Species and cultivar differentiation for food authentication - development of assays based on PCR and high-resolution melting

Economically motivated food adulteration remains a global issue. One of the common practices is the replacement of higher-value species or cultivars with cheaper ones. DNA-based methods play an increasing role in species and cultivar differentiation. A common approach is the analysis of evolutionary conserved DNA regions, so-called DNA barcodes.[1] More precisely, both the 5´ end and the 3´ end of the DNA barcode should be conserved, allowing for amplifying the DNA barcode with one single primer pair in all species/cultivars of interest.
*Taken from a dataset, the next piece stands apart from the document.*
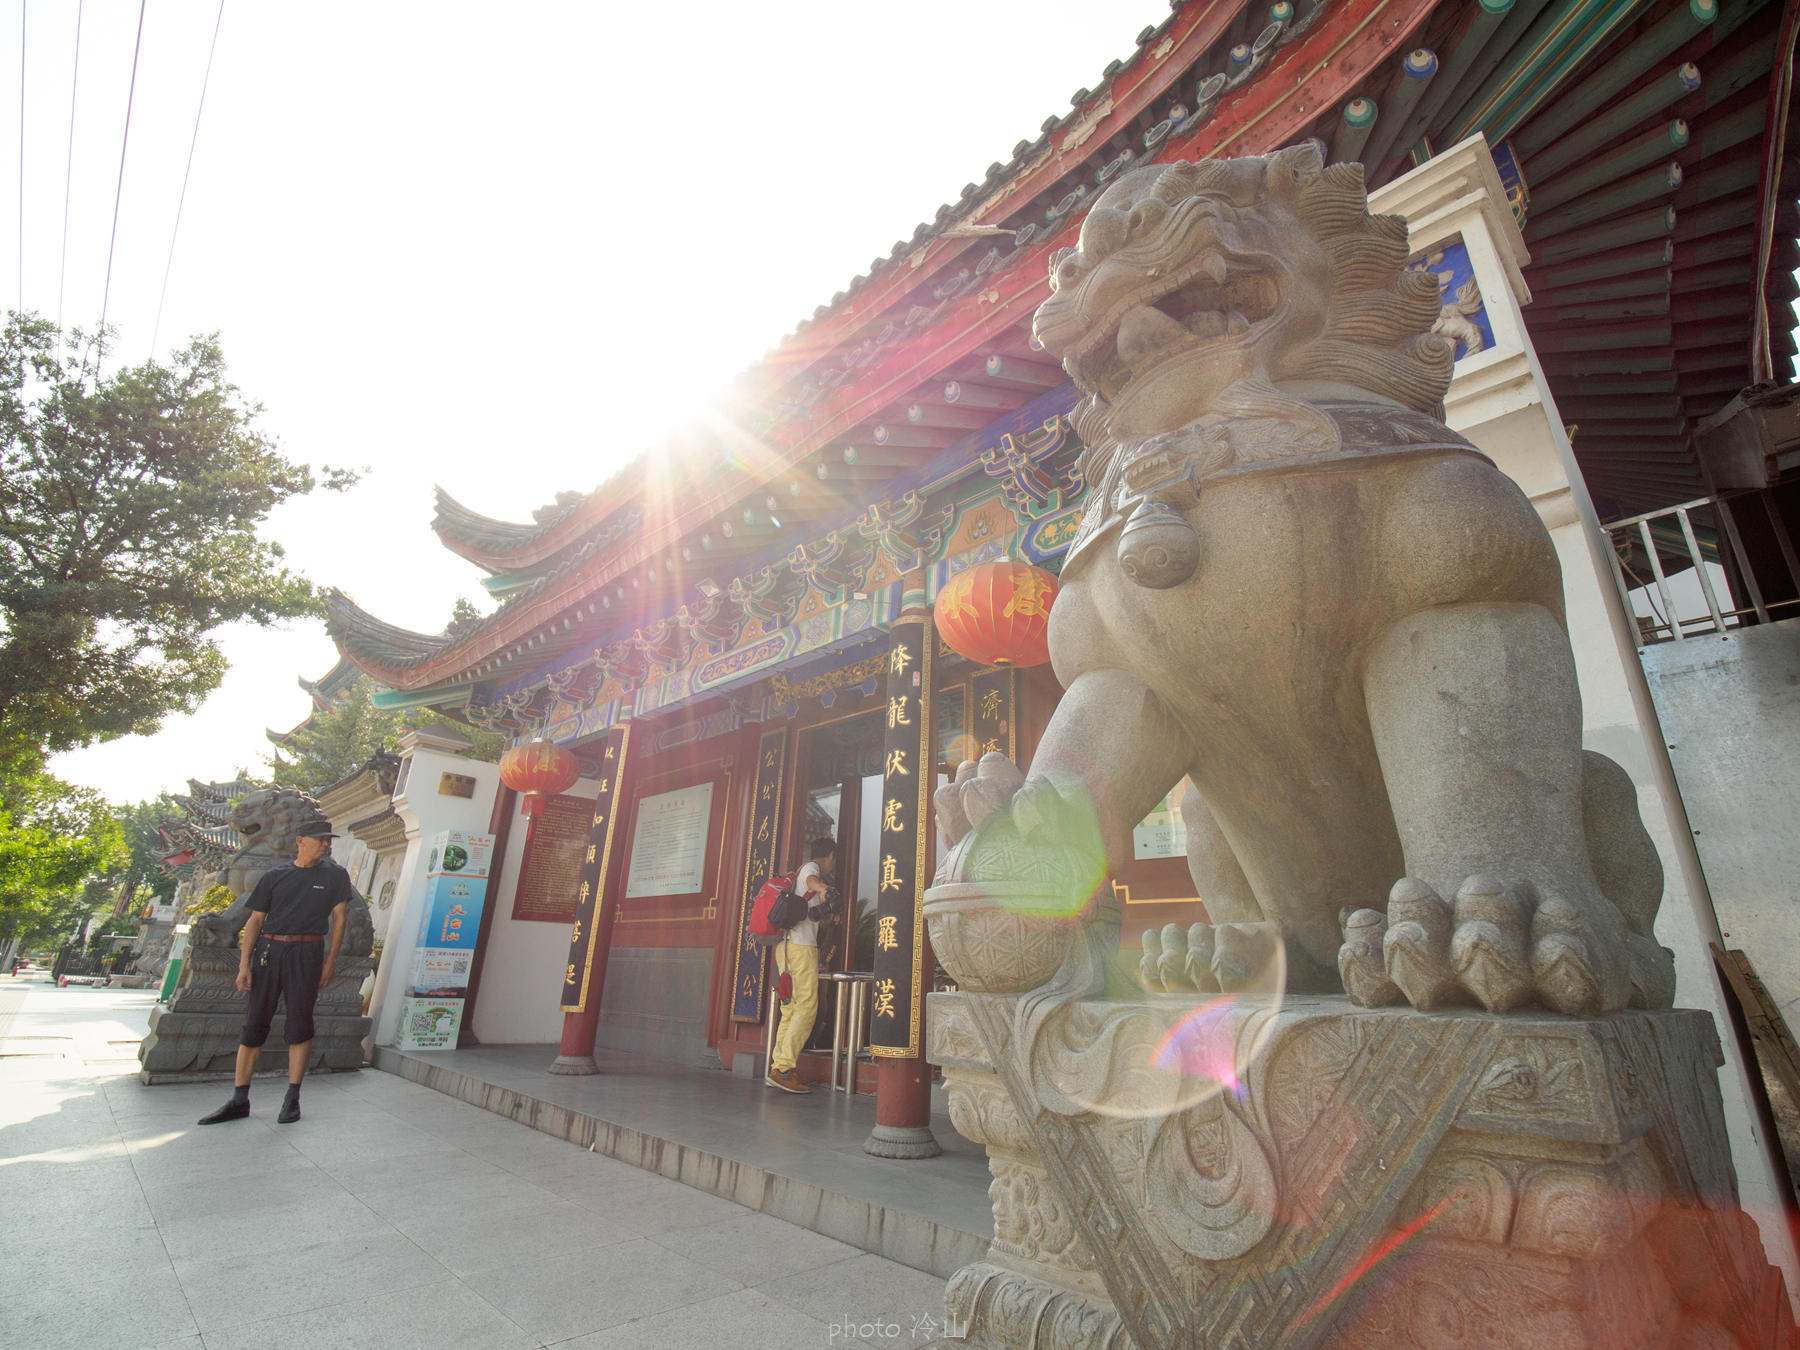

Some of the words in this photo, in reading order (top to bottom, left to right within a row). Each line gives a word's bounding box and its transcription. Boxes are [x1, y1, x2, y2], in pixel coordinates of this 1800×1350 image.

However, in between these conserved parts serving as primer binding sites, the DNA sequence should be variable, enabling species/cultivar differentiation. In many cases, DNA barcodes selected for food authentication contain single nucleotide polymorphisms (SNPs) or microsatellites (simple sequence
repeats, SSRs).
In case the DNA barcode is amplified with a PCR mix containing an intercalating dye such as EvaGreen, the amplicons can subsequently be subjected to high-resolution melting (HRM).[2] By slowly increasing the temperature, the amplicons are dissociated (melted) into the two single strands and fluorescence decreases. For data evaluation, the (normalized) fluorescence signal is plotted against temperature. The melting behaviour of the amplicons depends on various parameters, including their length and the ratio of guanine and cytosine to adenine and thymine. The development and optimization of assays based on PCR and HRM will be discussed on several examples, including the differentiation between 1) edible insect species approved in the EU[3]; 2) bilberry and blueberry; and 3) wine varieties from North Macedonia.